My data structure looks something like this
| Month | ID |Tx | F |
| -------- | -------------- |------|---|
| 12 | 1 | -0.1 |1|
| 12 | 1 | -0.1|2|
| 24 | 1 | 0.1 |3|
| 60 | 1 | -0.45|4|
| 12 | 2 | -0.34 |1|
| 12 | 2 | 0.123|2|
| 24 | 2 | 0.15 |3|
| 12 | 3 | 0.4|1|
| 12 | 3 | -0.153|2|
| 24 | 3 | -0.5|3|
My code looks like this
pivot_wider(
df.supine,
names_from = df.supine$Month,
names_prefix="Month_",
values_from = df.supine$Tx
)
I get the following error:
Error in `pivot_wider()`:
! Can't subset columns past the end.
ℹ Locations 60, 96, 60, …, 60, and 96 don't exist.

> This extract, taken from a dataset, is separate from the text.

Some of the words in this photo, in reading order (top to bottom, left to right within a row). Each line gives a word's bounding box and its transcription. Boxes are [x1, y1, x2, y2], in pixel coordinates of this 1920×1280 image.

ℹ There are only 30 columns.
Backtrace:
1. tidyr::pivot_wider(...)
2. tidyr:::pivot_wider.data.frame(...)
How can I fix this error?
My guess is, that the problem is, that not all IDs have all Months.
How can I fix this error?
You only need the column names for names_from and values_from. (@Carl)
It's because pivot_wider is a tidyverse::dplyr function who requires tidy-select arguments. It's a worth reading.

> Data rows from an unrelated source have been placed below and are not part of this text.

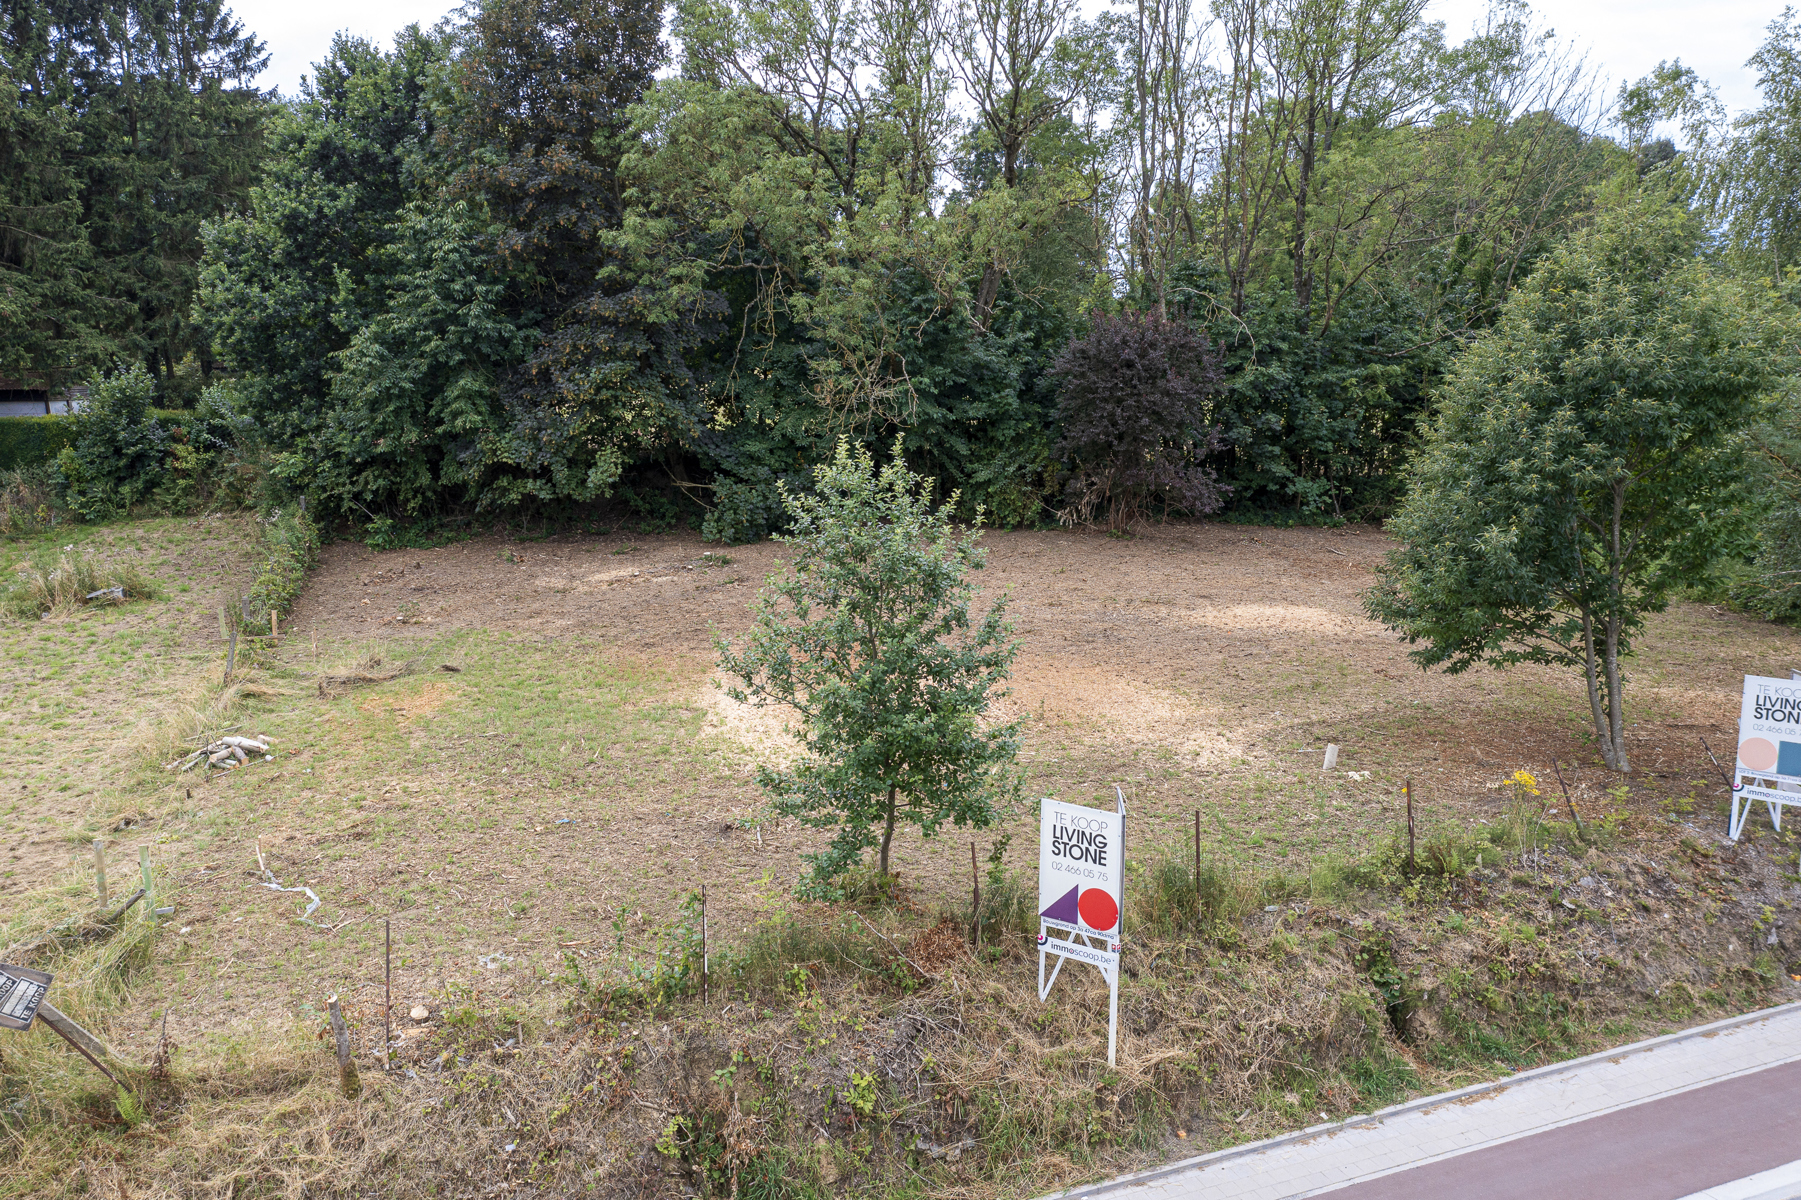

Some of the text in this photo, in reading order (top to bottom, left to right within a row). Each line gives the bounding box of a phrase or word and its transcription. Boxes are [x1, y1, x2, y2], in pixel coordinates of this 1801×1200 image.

[1757, 684, 1771, 695] TE
[1753, 706, 1801, 725] STON
[1752, 723, 1764, 732] 02
[1766, 725, 1783, 734] 466
[1784, 727, 1796, 736] 05
[1054, 811, 1108, 833] TE KOOP
[1053, 824, 1108, 849] LIVING
[1051, 840, 1107, 867] STONE
[1051, 861, 1109, 882] 02 466 05 75
[1050, 941, 1112, 965] immoscoop.be
[0, 979, 13, 1000] OOP
[20, 1009, 32, 1019] TE

This will most likely throw an error:
#> pivot_wider(
# df.supine,
names_from = df.supine$Month,
# names_prefix="Month_",
values_from = df.supine$Tx
# )
Error in `pivot_wider()`:
! Can't select columns past the end.
ℹ Locations 12, 12, 24, …, 12, and 12 don't exist.
ℹ There are only 4 columns.
But this works just fine even without prefixes:
> pivot_wider(
df.supine,
names_from = Month,
values_from = Tx
)
# A tibble: 9 × 5
ID F `12` `24` `60`
<dbl> <dbl> <dbl> <dbl> <dbl>
1 1 1 -0.1 NA NA
2 1 2 -0.1 NA NA
3 1 3 NA 0.1 NA
# ℹ 6 more rows
# ℹ Use `print(n = ...)` to see more rows
names looks for column names. If you pass supine.df$Month, it will look for columns 12, 12, 24 and so on, not Month!
If you want to use am external vector as argument, you need a selection-helper like any_of or all_of:
my_col <- "Month"
> pivot_wider(
df.supine,
names_from = any_of(my_col),
values_from = Tx
)
# A tibble: 9 × 5
ID F `12` `24` `60`
<dbl> <dbl> <dbl> <dbl> <dbl>
1 1 1 -0.1 NA NA
2 1 2 -0.1 NA NA
3 1 3 NA 0.1 NA
# ℹ 6 more rows
# ℹ Use `print(n = ...)` to see more rows
Not having all combinations for ID-Month isn't a problem. You can fill the missing values with values_fill:
> pivot_wider(
df.supine,
names_from = any_of(my_col),
values_from = Tx,
values_fill = 0
)
# A tibble: 9 × 5
ID F `12` `24` `60`
<dbl> <dbl> <dbl> <dbl> <dbl>
1 1 1 -0.1 0 0
2 1 2 -0.1 0 0
3 1 3 0 0.1 0
# ℹ 6 more rows
# ℹ Use `print(n = ...)` to see more rows
Check the documentation and you'll be fine.